Here are three real-world use cases I use in production.
How middleware works
Create a file called middleware.ts in the root of your project (next to app/). It exports a function that receives a NextRequest and returns a NextResponse.
import { NextRequest, NextResponse } from "next/server";
export function middleware(request: NextRequest) {
return NextResponse.next();
}
export const config = {
matcher: ["/((?!_next/static|_next/image|favicon.ico).*)"],
};
Use case 1: Protect authenticated routes
import { NextRequest, NextResponse } from "next/server";
export function middleware(request: NextRequest) {
const token = request.cookies.get("auth-token")?.value;
const isProtected = request.nextUrl.pathname.startsWith("/dashboard");
if (isProtected && !token) {
const loginUrl = new URL("/login", request.url);
loginUrl.searchParams.set("redirect", request.nextUrl.pathname);
return NextResponse.redirect(loginUrl);
}
return NextResponse.next();
}
This runs at the edge — the user is redirected before the dashboard even starts rendering.
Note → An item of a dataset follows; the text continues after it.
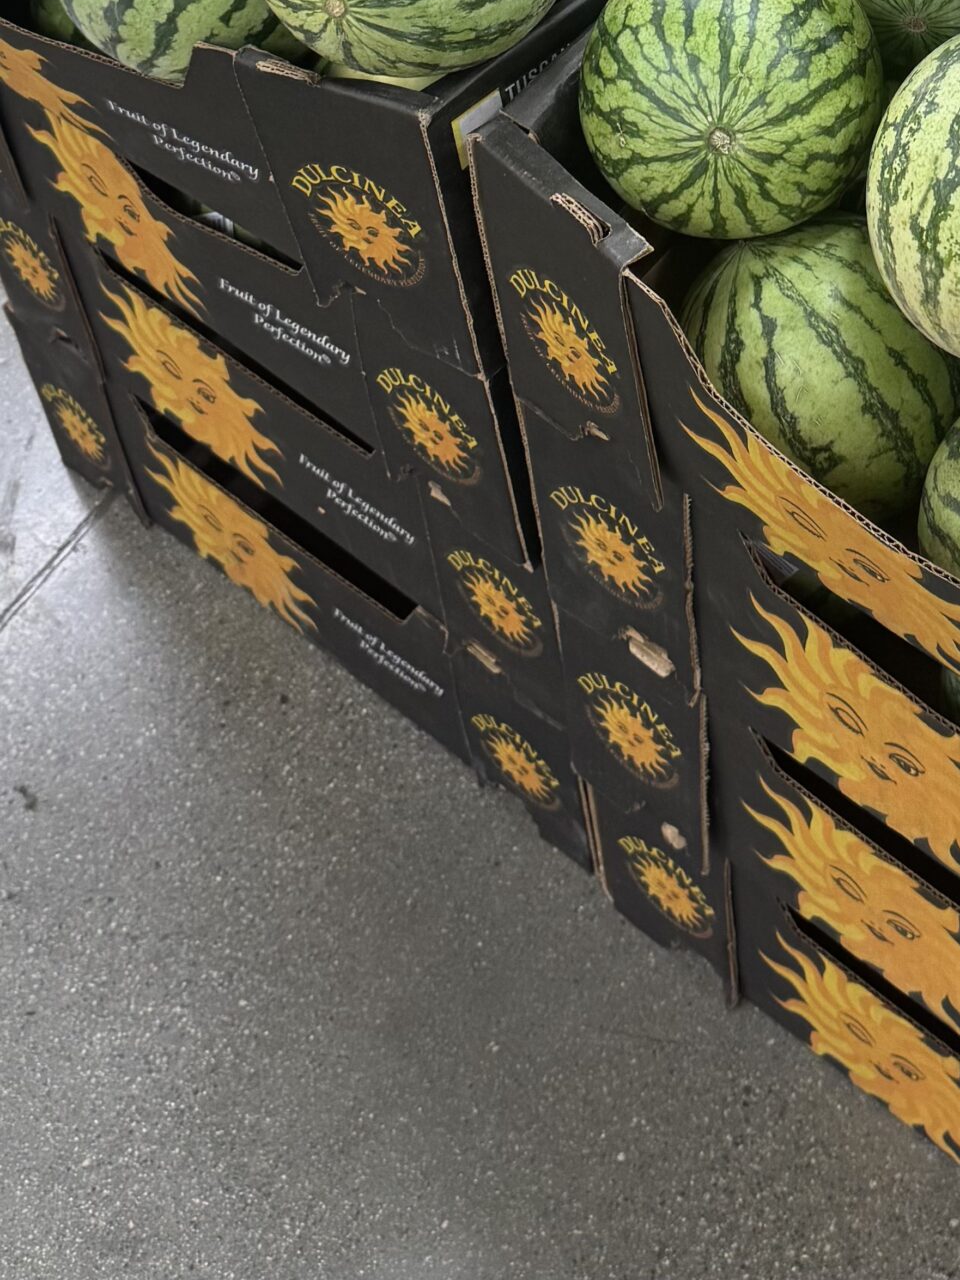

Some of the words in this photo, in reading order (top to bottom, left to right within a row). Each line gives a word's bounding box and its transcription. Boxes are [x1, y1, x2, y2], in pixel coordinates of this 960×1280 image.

No flash of protected content.
Use case 2: A/B testing with cookies
export function middleware(request: NextRequest) {
const bucket = request.cookies.get("ab-bucket")?.value;
const response = NextResponse.next();
if (!bucket) {
const newBucket = Math.random() < 0.5 ? "a" : "b";
response.cookies.set("ab-bucket", newBucket, { maxAge: 60 * 60 * 24 * 30 });
if (newBucket === "b" && request.nextUrl.pathname === "/") {
return NextResponse.rewrite(new URL("/home-v2", request.url));
}
}
if (bucket === "b" && request.nextUrl.pathname === "/") {
return NextResponse.rewrite(new URL("/home-v2", request.url));
}
return response;
}
Users in bucket B see /home-v2 but the URL stays as /. The cookie persists for 30 days so the same user always sees the same variant.
Use case 3: Geo-based redirects
export function middleware(request: NextRequest) {
const country = request.geo?.country || "US";
if (request.nextUrl.pathname === "/" && country === "IN") {
return NextResponse.redirect(new URL("/in", request.url));
}
if (request.nextUrl.pathname === "/" && country === "GB") {
return NextResponse.redirect(new URL("/uk", request.url));
}
return NextResponse.next();
}
request.geo is available on Vercel deployments automatically. No third-party IP geolocation service needed.
Combining all three
You can chain all of these in a single middleware.ts. Just make sure the auth check runs first, since you don't want to A/B test unauthenticated users on protected pages.
Conclusion
Next.js middleware is one of those features that, once you start using it, you wonder how you shipped without it. Auth protection, experimentation, and localisation — all in one file, running at the edge before your server ever touches the request.